Elke ochtend voor het ontbijt maakt Deetje (2) tegenwoordig graag legpuzzels. Alle puzzels die we in huis hebben, worden uit de kast gehaald. En als ze de puzzels af heeft, begint ze opnieuw. Ook als ze niet puzzelt, zie ik haar de hele tijd puzzelen. Ze puzzelt haar wereldbeeld bij elkaar. Van Toby, - de Jack Russel van opa en oma - weet ze nu bijvoorbeeld dat die pootjes heeft en geen benen.
'Mama heeft benen, papa heeft benen, Jeetje heeft benen, oma heeft benen,' zei ze.

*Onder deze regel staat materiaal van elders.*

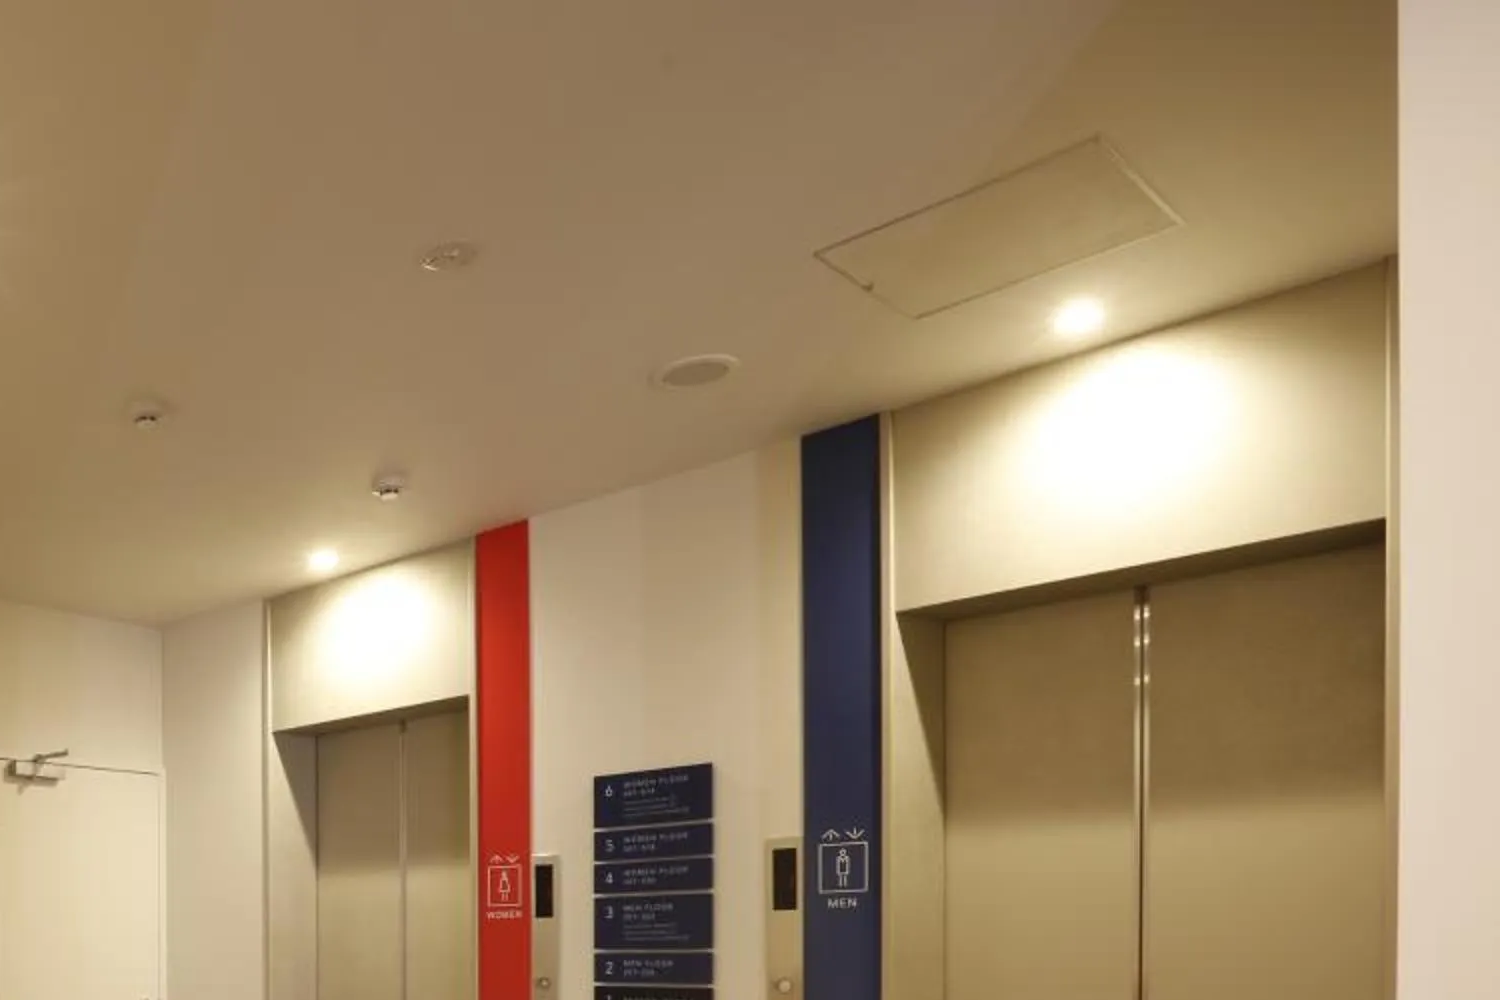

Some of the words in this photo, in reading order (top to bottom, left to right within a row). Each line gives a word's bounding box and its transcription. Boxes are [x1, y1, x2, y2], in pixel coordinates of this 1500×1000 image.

Toby bleek dus plotseling pootjes te hebben. Ze keek mij aan, hield haar hoofd scheef, aarzelde, maar vroeg het toen toch: 'Heeft opa ook pootjes?'
Deze ochtend somt ze op wie er allemaal naar het werk gaat.
'Mama gaat werken, papa gaat werken, oma gaat werken, Toby gaat niet werken?' Ze kijkt mij aan of ze het goed heeft.
'Nee, Toby gaat niet werken,' zeg ik.
'Toby gaat óók niet zwemmen,' zegt ze blij.
'Jawel,' verbetert Jeetje (7) haar, 'Toby zwemt wel in de Maas. Maar hij gaat niet in het zwembad.'
'O, Toby zwemt wèl' zegt Deetje snel.
'In de Maas,' zegt Jeetje.
'In de Maas,' herhaalt Deetje.

woensdag 20 juni 2012

eten

Het is me al vaker opgevallen dat ik op sommige momenten de hele tijd moet eten als ik schrijf. Zoals nu. Ik eet zelfs het oude brood dat voor de vogels bedoeld was, ik eet hele repen chocolade, eigenlijk alles wat ik in huis kan vinden gaat zo het mondje in. Alsof ik niet kan schrijven zonder malende kaken. Dat is ook echt zo. Ik kan het niet zonder me vol te proppen. Het eten geeft een zekere rust. Ik vind het wel jammer want ik kreeg al een slappe reet van al het zitten. Ik hou me maar vast aan de dagen dat ik vergeet te eten. Dat is namelijk ook een fase in het schrijfproces. Ik hoop dat die fase binnenkort weer eens aanbreekt.
Nog meer hoop ik op de fase dat alles voorbij is. En dan bedoel ik niet de dood.

dinsdag 19 juni 2012

Open mond

De mondhygiëniste praatte aan één stuk door. Ik kon niets terugzeggen.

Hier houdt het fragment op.